Provided data:
*** Begin section ***
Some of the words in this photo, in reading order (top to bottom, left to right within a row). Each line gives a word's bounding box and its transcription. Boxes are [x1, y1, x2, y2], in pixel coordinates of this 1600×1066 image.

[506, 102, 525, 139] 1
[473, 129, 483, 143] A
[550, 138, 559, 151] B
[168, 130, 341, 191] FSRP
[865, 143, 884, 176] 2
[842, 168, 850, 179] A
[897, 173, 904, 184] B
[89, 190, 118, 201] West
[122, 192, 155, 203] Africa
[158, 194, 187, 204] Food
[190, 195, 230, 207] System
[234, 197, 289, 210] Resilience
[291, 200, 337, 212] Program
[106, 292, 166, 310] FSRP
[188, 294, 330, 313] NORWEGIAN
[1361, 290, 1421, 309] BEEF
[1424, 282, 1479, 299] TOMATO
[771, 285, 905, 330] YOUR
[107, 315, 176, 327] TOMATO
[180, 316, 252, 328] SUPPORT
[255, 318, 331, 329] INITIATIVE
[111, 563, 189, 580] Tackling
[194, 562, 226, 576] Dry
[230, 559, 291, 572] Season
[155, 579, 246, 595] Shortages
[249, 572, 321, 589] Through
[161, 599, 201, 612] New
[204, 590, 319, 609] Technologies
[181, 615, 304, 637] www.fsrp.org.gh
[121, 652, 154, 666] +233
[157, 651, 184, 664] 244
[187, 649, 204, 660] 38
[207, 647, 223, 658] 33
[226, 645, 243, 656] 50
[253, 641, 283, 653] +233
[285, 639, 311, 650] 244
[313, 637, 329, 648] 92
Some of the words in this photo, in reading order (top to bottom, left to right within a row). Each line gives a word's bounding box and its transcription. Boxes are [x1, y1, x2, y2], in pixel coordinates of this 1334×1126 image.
*** End section ***
*** Begin section ***
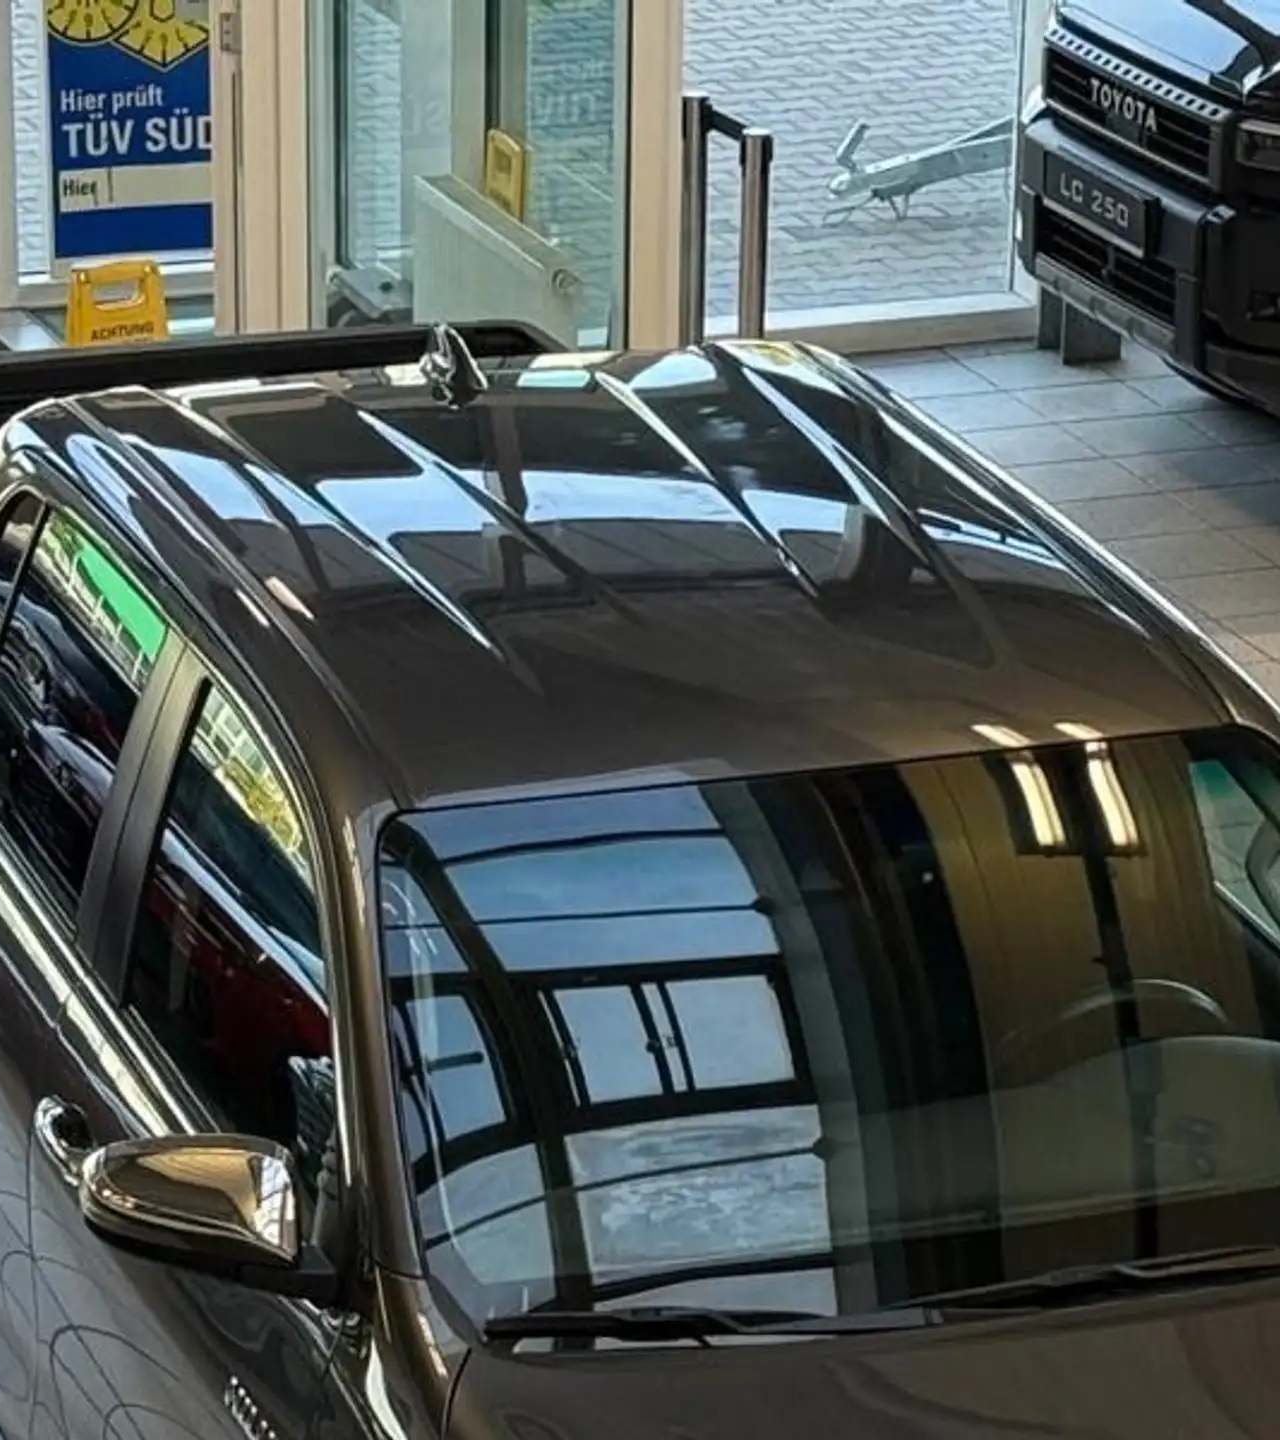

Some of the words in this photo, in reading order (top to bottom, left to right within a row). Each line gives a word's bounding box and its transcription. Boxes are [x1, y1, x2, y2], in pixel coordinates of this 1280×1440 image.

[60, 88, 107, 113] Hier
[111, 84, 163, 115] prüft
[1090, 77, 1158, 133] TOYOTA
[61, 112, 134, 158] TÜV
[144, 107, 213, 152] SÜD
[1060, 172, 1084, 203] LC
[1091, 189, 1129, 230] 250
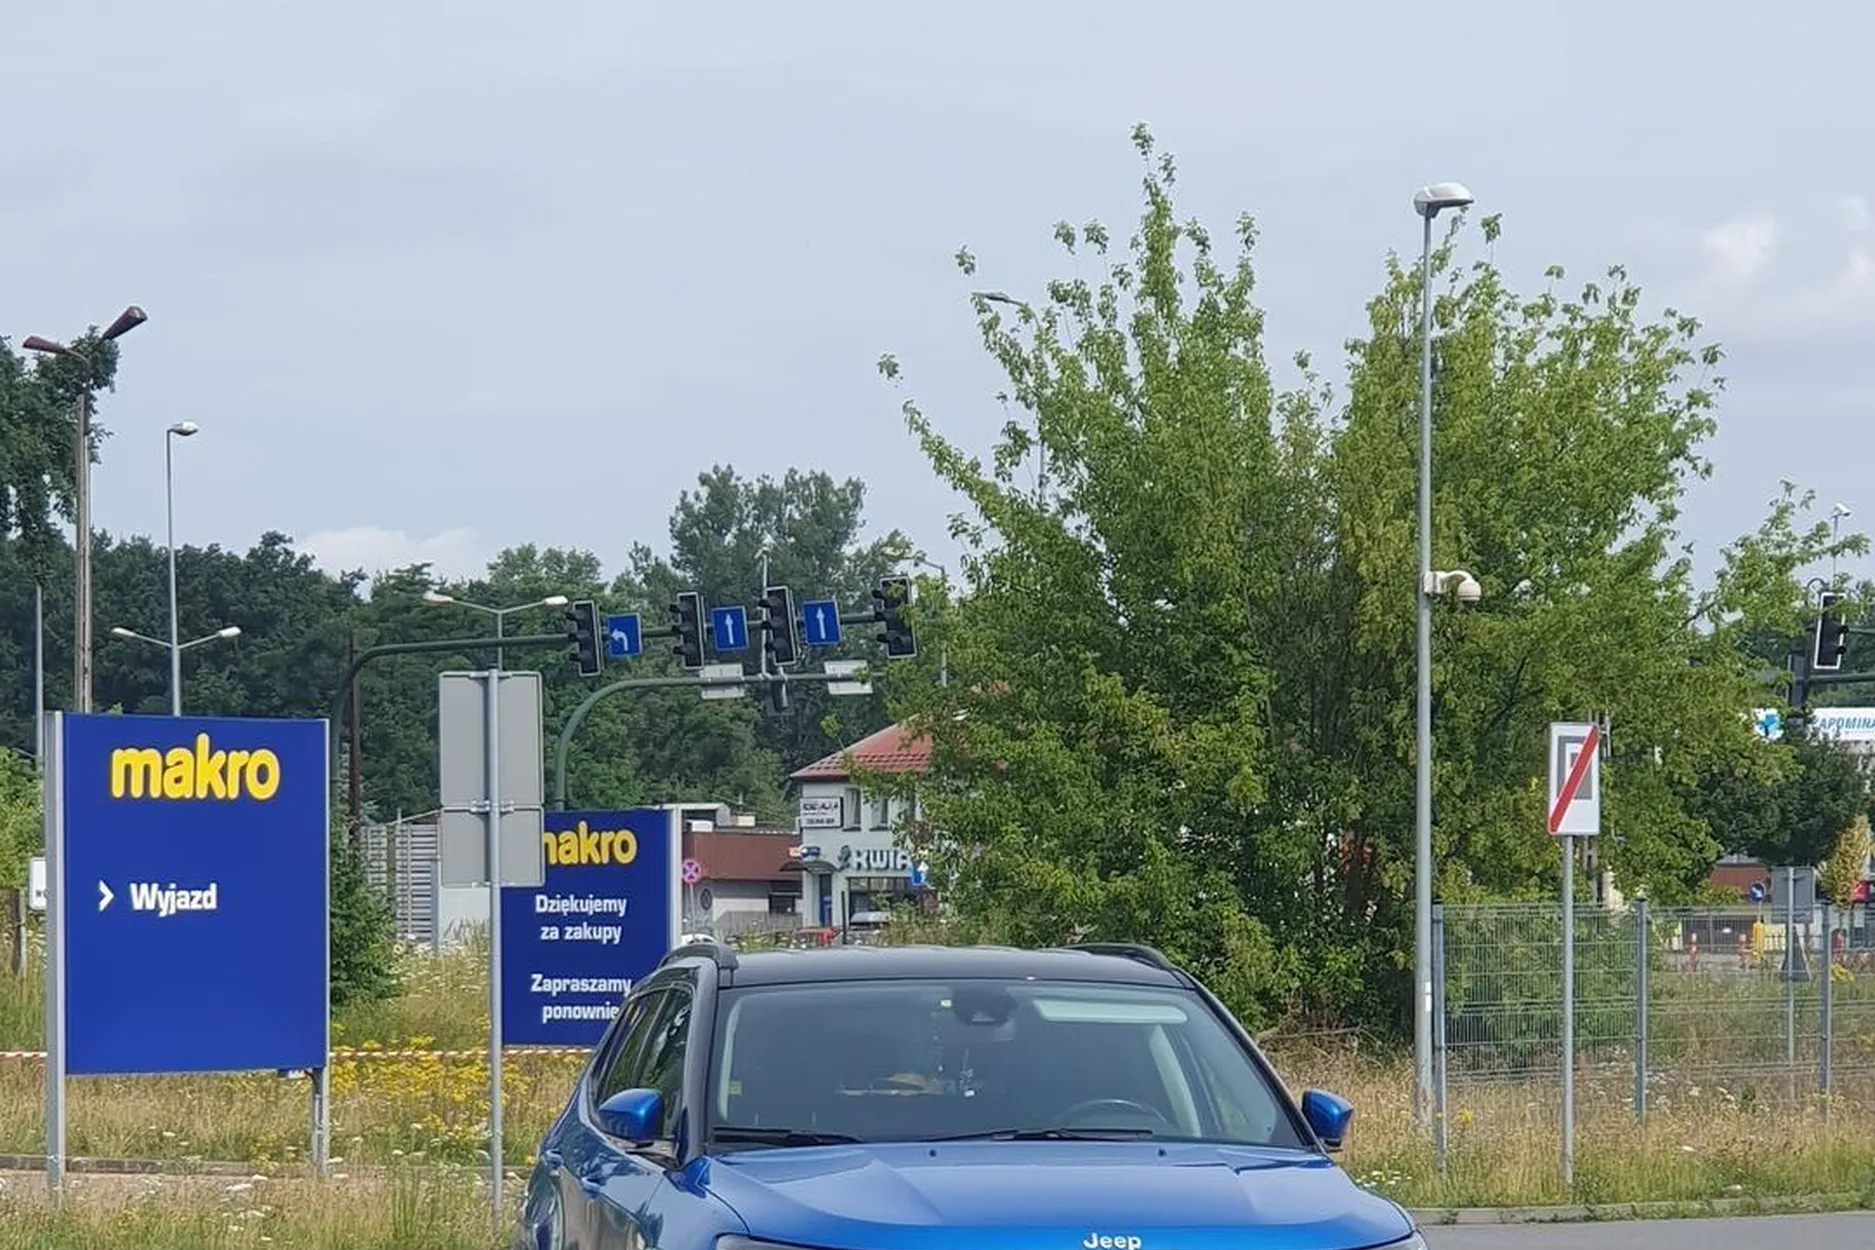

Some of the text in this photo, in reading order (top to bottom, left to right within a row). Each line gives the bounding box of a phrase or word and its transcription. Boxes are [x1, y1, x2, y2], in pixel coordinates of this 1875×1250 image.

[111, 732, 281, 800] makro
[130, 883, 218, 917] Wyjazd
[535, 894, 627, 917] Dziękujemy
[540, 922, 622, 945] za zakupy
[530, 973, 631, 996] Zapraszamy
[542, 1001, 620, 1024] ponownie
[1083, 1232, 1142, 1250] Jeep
*** End section ***
*** Begin section ***
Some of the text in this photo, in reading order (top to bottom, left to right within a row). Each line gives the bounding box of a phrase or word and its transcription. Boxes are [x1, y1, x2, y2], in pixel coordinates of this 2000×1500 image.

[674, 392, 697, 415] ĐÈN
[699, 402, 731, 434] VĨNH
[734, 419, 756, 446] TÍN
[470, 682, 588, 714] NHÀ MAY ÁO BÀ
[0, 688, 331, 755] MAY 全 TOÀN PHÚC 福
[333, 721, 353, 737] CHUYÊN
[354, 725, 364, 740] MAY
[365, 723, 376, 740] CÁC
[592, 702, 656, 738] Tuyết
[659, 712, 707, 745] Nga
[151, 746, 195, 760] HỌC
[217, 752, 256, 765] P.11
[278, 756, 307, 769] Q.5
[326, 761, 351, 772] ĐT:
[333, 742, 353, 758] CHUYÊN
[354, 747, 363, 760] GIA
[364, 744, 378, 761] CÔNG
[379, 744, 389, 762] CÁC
*** End section ***
Retype only the lines above between the line with "this 1600×1066 image." and the line with "this 1334×1126 image.", counting those two lines as well, and keep every character as it is.

Some of the words in this photo, in reading order (top to bottom, left to right within a row). Each line gives a word's bounding box and its transcription. Boxes are [x1, y1, x2, y2], in pixel coordinates of this 1600×1066 image.

[506, 102, 525, 139] 1
[473, 129, 483, 143] A
[550, 138, 559, 151] B
[168, 130, 341, 191] FSRP
[865, 143, 884, 176] 2
[842, 168, 850, 179] A
[897, 173, 904, 184] B
[89, 190, 118, 201] West
[122, 192, 155, 203] Africa
[158, 194, 187, 204] Food
[190, 195, 230, 207] System
[234, 197, 289, 210] Resilience
[291, 200, 337, 212] Program
[106, 292, 166, 310] FSRP
[188, 294, 330, 313] NORWEGIAN
[1361, 290, 1421, 309] BEEF
[1424, 282, 1479, 299] TOMATO
[771, 285, 905, 330] YOUR
[107, 315, 176, 327] TOMATO
[180, 316, 252, 328] SUPPORT
[255, 318, 331, 329] INITIATIVE
[111, 563, 189, 580] Tackling
[194, 562, 226, 576] Dry
[230, 559, 291, 572] Season
[155, 579, 246, 595] Shortages
[249, 572, 321, 589] Through
[161, 599, 201, 612] New
[204, 590, 319, 609] Technologies
[181, 615, 304, 637] www.fsrp.org.gh
[121, 652, 154, 666] +233
[157, 651, 184, 664] 244
[187, 649, 204, 660] 38
[207, 647, 223, 658] 33
[226, 645, 243, 656] 50
[253, 641, 283, 653] +233
[285, 639, 311, 650] 244
[313, 637, 329, 648] 92
Some of the words in this photo, in reading order (top to bottom, left to right within a row). Each line gives a word's bounding box and its transcription. Boxes are [x1, y1, x2, y2], in pixel coordinates of this 1334×1126 image.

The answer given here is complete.